Each falls at one point. But all of them - The Mean Girl, the Band Geek, the Heartthrob, the Jock and the Outsider - climb back on the wire to complete the journey fraught with much self-consciousness, paralyzing low self-esteem, and high, high hopes.
In a bonehead move, Paramount Vantage is selling the film as if it were The Breakfast Club, with a poster of the five central characters posed like the five stars of the beloved 1985 John Hughes feature. (Breakfast Club is all the rage - even J.C. Penney has co-opted it for its back-to-school ad campaign.)
Chicken-or-egg question: Did the studio likewise impose archetypal labels on Burstein's subjects or do secondary-school students naturally sort out along certain basic types?

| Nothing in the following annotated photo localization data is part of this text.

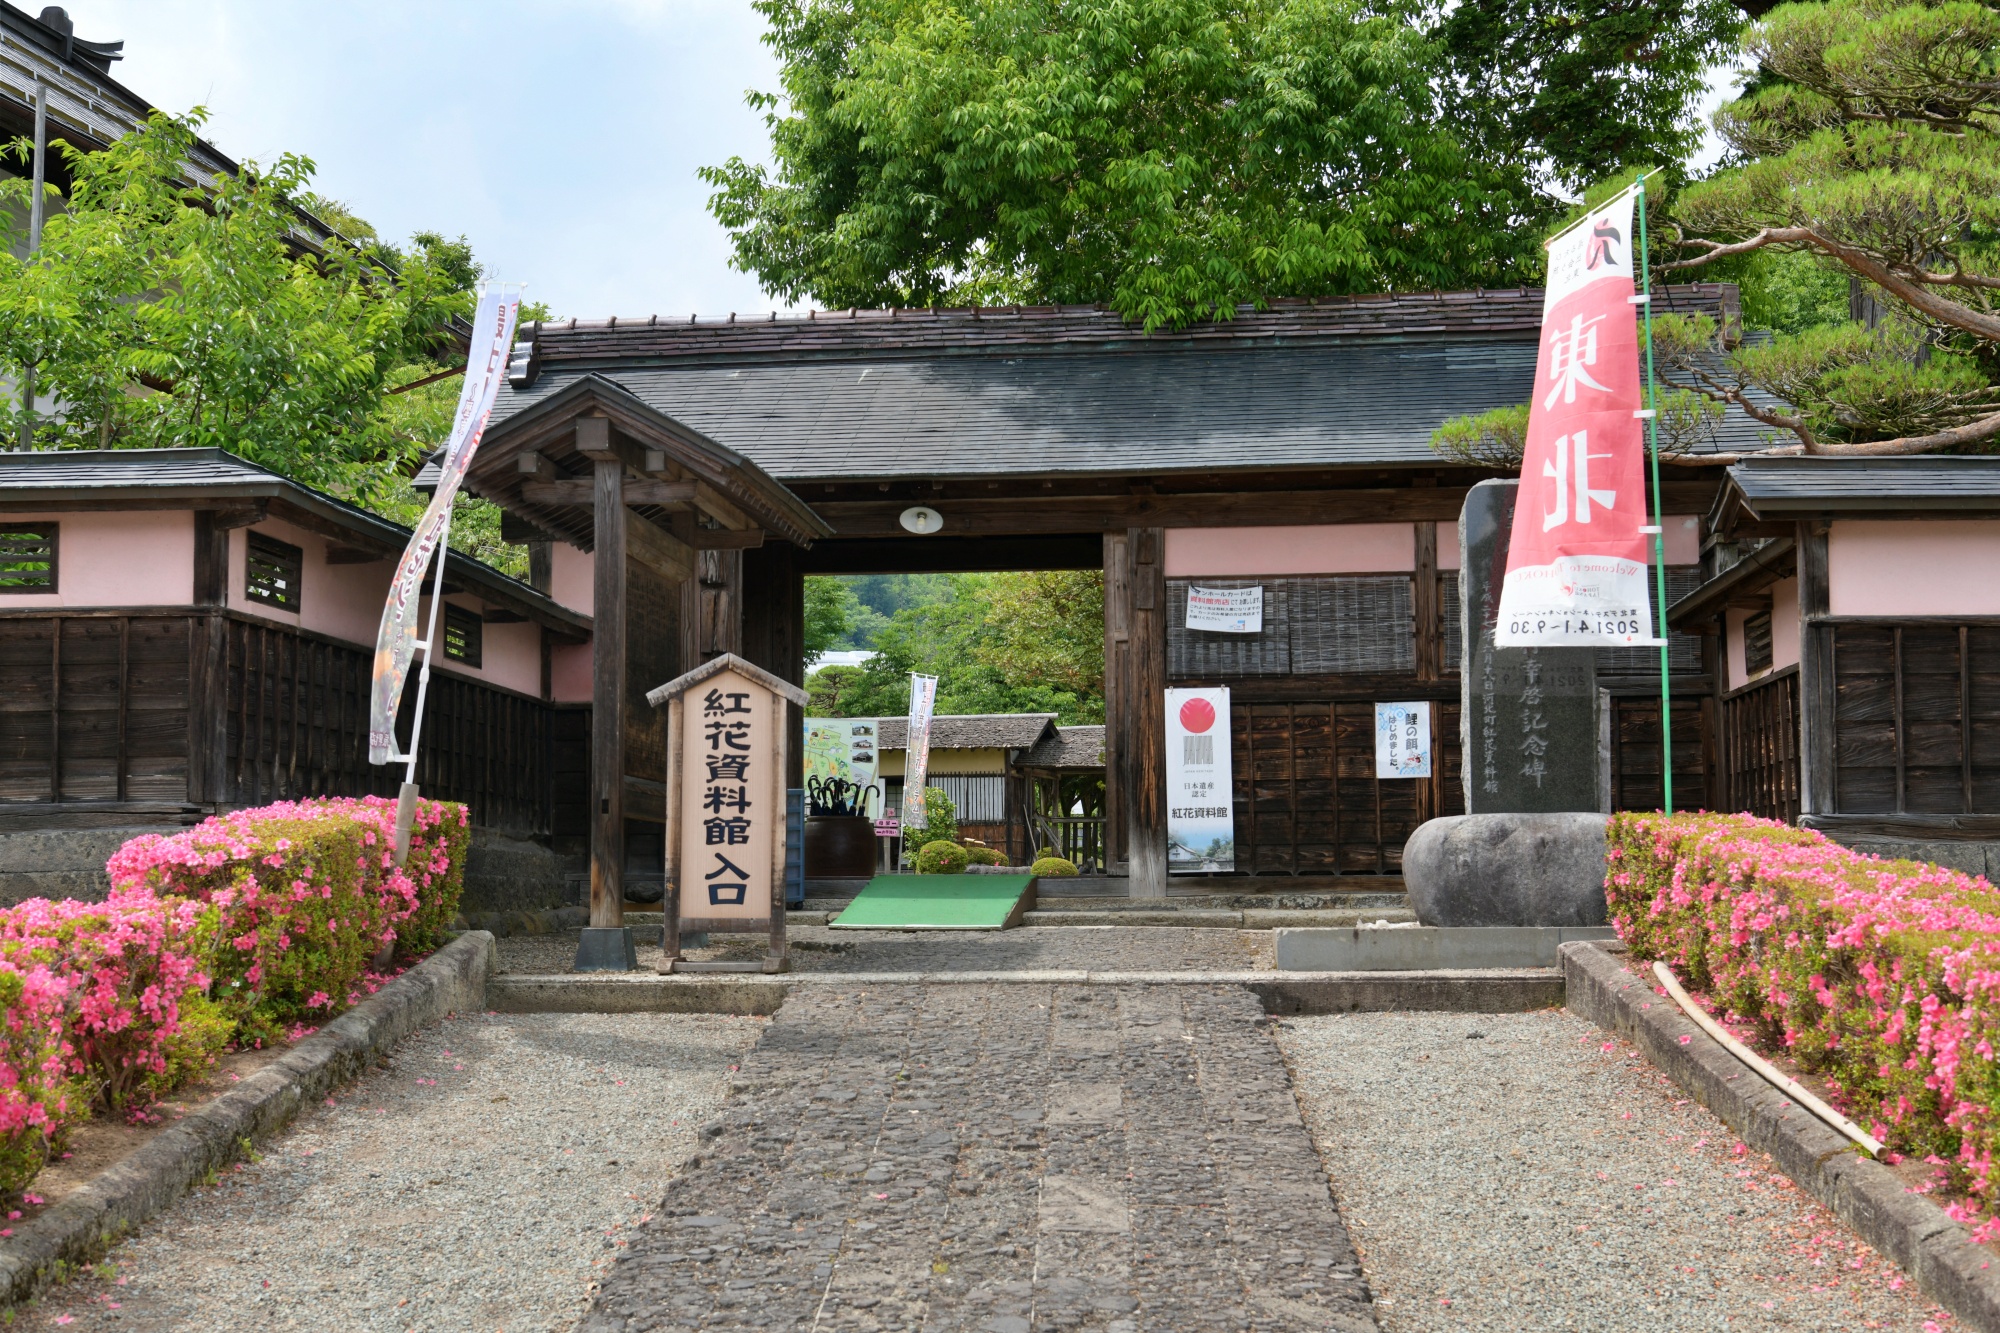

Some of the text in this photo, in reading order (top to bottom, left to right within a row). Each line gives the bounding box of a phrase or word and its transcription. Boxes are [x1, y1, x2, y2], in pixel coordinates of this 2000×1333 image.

[1405, 712, 1419, 751] 鯉の餌
[1388, 715, 1400, 771] はじめました。
[1184, 782, 1215, 790] 日本遺産
[1191, 790, 1207, 798] 認定
[1171, 806, 1228, 819] 紅花資料館

In any event, these real-life teens recall reel heroes and heroines.
The Outsider is Hannah Bailey, the Molly Ringwald type, a ladder-legged brunette who walks with a bounce in her and barbed-wire around her heart. (Her mother is a manic/depressive and Hannah worries that this is her fate.) Hannah explains the basic contradiction of high school. Teachers tell students that America is a meritocracy, but WCHS is a caste system where the jocks and rich kids are the masters and everyone else is a peon. Each of the teens under Burstein's spotlight learns to juggle the contradictions.

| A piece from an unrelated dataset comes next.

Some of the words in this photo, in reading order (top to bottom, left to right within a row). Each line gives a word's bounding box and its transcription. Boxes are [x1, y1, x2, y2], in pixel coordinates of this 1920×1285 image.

Yet The Jock, Colin Clemens, the lantern-jawed center of the basketball team (in a state where hoops is practically a religion), is not a masters-of-the-universe type. Quiet and focused - D.B. Sweeney with an Emilio Estevez smile - Colin tries to reconcile his father's advice (hotdog hotdog hotdog to catch the eye of recruiters to get that athletic scholarship) with his coach's (share the ball share the ball share the ball).